La 35e aventure d'Astérix, en librairie jeudi, se déroule chez les Pictes, un ancien peuple d'Écosse. Alors que cette nation se prononcera en 2014 sur son indépendance, les irréductibles gaulois s'immiscent dans le débat sur le référendum.
Après avoir rendu visite aux Normands, aux Belges, aux Helvètes ou encore aux Corses, Astérix et Obélix partent à la rencontre des Pictes, surnommés "les hommes peints". Dans le 35e tome des aventures des irréductibles Gaulois, qui sort le jeudi 24 octobre, les moustachus français les plus célèbres de la planète visitent la terre de cet ancien peuple qui dominait l’Écosse jusqu’au Xe siècle.
Même si très peu de détails ont été dévoilés sur l’intrigue de cette nouvelle aventure, la sortie de cet album suscite depuis plusieurs mois une vive curiosité chez les Écossais. Alors que cette nation britannique décidera de son destin le 18 septembre 2014, lors d'un référendum, certains voient déjà en Astérix un vif partisan de l’indépendance. Comme le rapporte la BBC, les responsables de la campagne favorable au "oui" n’ont pas manqué de saluer la sortie de cette BD : "Nous sommes reconnaissants d’avoir le soutien d’un personnage aussi célèbre, mais nous devons toutefois vérifier s’il a bien le droit de voter".
Un symbole de lutte
Interrogé à ce sujet lors de sa venue en terre écossaise en juin dernier, Jean-Yves Ferri, le nouvel auteur d’Astérix, n’a pas caché qu’il avait été inspiré par le référendum. "Il nous a dit qu’Astérix chez les Pictes parle de disputes entre clans et aborde ouvertement l’identité et la politique écossaise actuelle", raconte Laurence Grove, professeur à l’Université de Glasgow et président de la Société internationale de bande dessinée. "Il a également imité De Gaulle, et nous a dit 'Vive l’Écosse libre' !"

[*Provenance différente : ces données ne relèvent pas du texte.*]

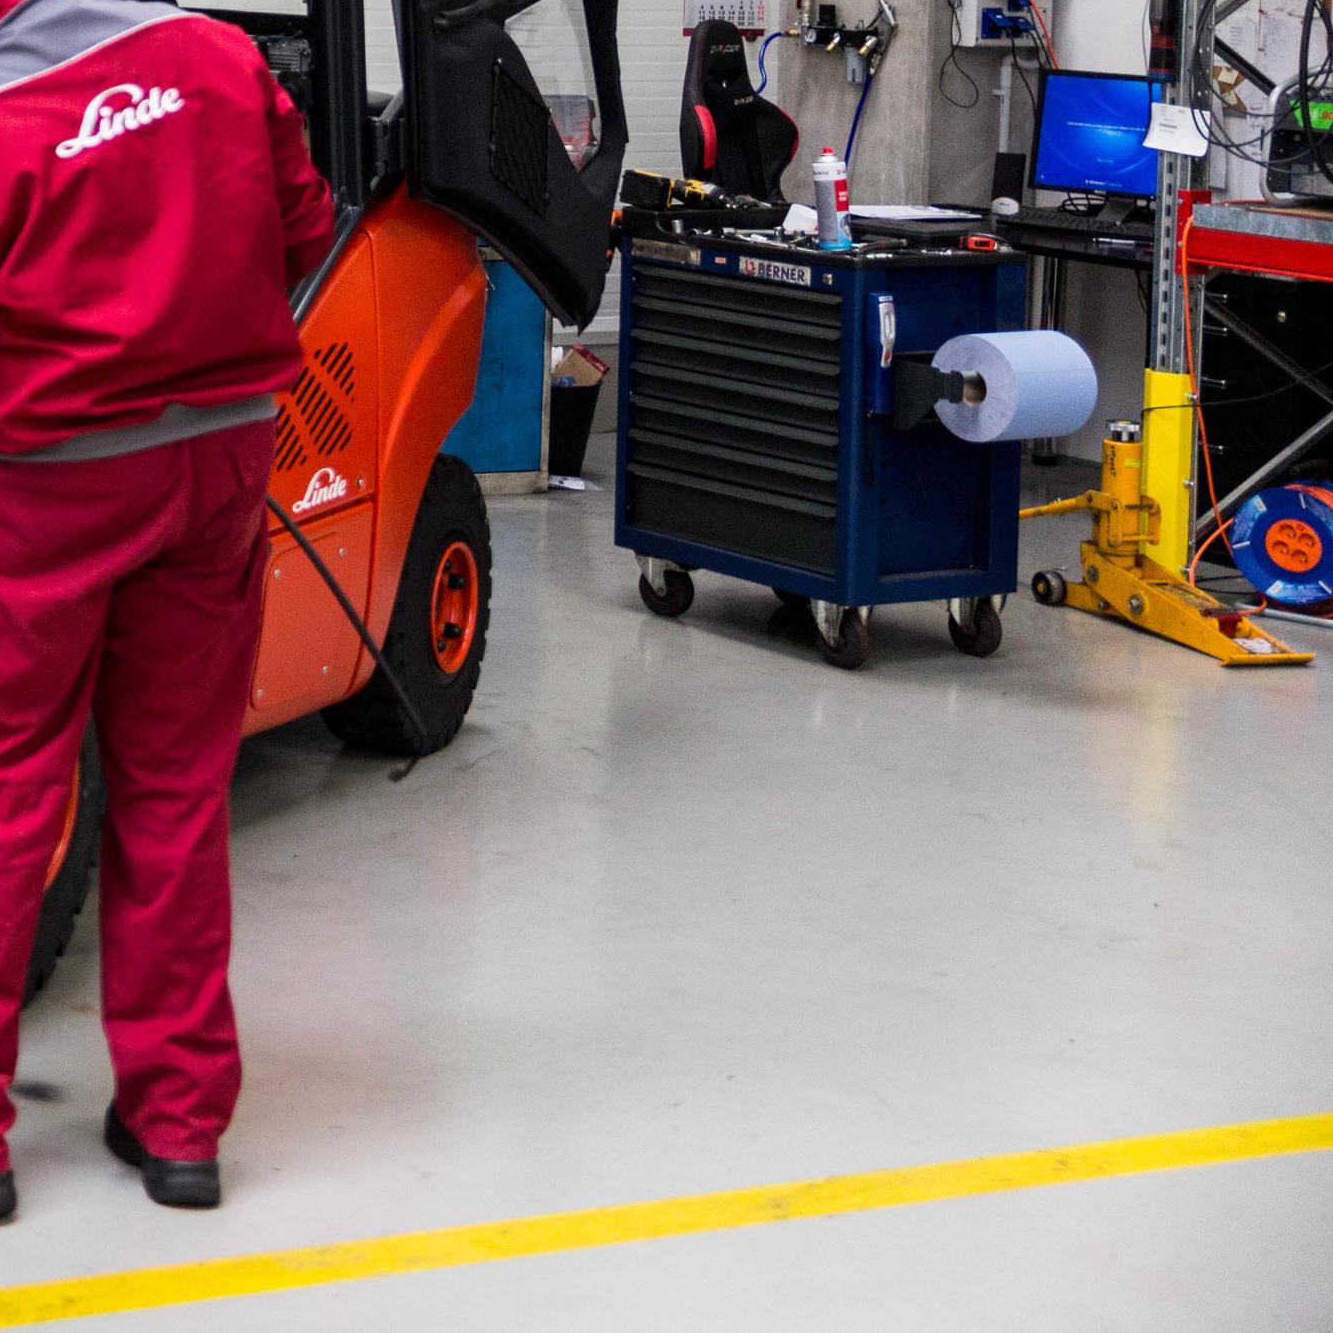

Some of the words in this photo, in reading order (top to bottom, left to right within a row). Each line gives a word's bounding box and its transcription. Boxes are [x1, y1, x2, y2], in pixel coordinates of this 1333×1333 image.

[55, 83, 185, 159] Linde
[758, 262, 805, 282] BERNER
[292, 466, 348, 513] Linde

Pour ce spécialiste du "neuvième art", Astérix n’est pas seulement un héros populaire sur papier glacé, mais il représente surtout un symbole planétaire de résistance. "C’est le petit qui combat contre les plus grands. À l’époque de Goscinny et Uderzo, à travers lui, c’était la France qui luttait contre l’invasion culturelle américaine, et qui disait aussi non à l’Otan. […] Aujourd’hui, il va en Ecosse au moment du référendum. Ce n’est pas seulement l’avenir d’une nation qui est en jeu, mais aussi l’avenir de la politique mondiale. Quand Jean-Yves Ferri est venu, il y avait des Catalans qui étaient présents, car ils s’intéressent aussi à cette question d’indépendance".
Alors que le plus récent sondage, réalisé par TNS le 10 octobre, révèle que pour le moment le "non" l’emporte à 44 %, contre 25 % pour le "Oui", et 31 % d’indécis, Astérix pourrait devenir le coup de pouce utile aux pro-indépendance. "Les partisans du oui insistent sur le fait que les gens ne doivent pas avoir peur, et qu’ils doivent oser prendre leur indépendance. Astérix incarne ce type de courage", affirme Laurence Grove.
"Astérix n’est pas un politicien"
Auteur d’un article dans le "Times", intitulé "Astérix et la division des clans écossais", le journaliste écossais, Nick Drainey, est pour sa part plus mesuré. Selon lui, le guerrier venu d’Armorique "flirte" avec la question de l’indépendance, mais ne glisserait pas forcément un bulletin pour le "oui" : "il y a des similarités entre la Gaule et l’Écosse, mais Astérix n’est pas un politicien. Comme William Wallace [héros écossais qui a combattu contre l'occupation anglaise, incarné par Mel Gibson dans le film "Braveheart", NDLR], il se bat pour son indépendance, mais à titre personnel, il n’a pas de revendication politique". Ce reporter basé à Édimbourg s’amuse de voir que le petit Gaulois s’immisce dans la campagne sur le référendum, mais il n’y attache pas une réelle importance. "Ce n’est pas pris au sérieux, que ce soit du point de vue du oui ou du non. Je ne pense pas qu’Astérix va influencer le vote".
À défaut de changer l’avenir des Écossais, Astérix pourra se consoler avec ses futures ventes. Après avoir écoulé plus de 350 millions d’exemplaires à travers le monde, le Gaulois est promis à un nouveau succès. "Il est déjà très populaire en Écosse, mais cette histoire va considérablement augmenter les ventes", prédit Nick Drainey. Et pour faire plaisir à ces admirateurs en kilts, "Astérix chez les Pictes" sera édité en anglais, en écossais et en gaëlique.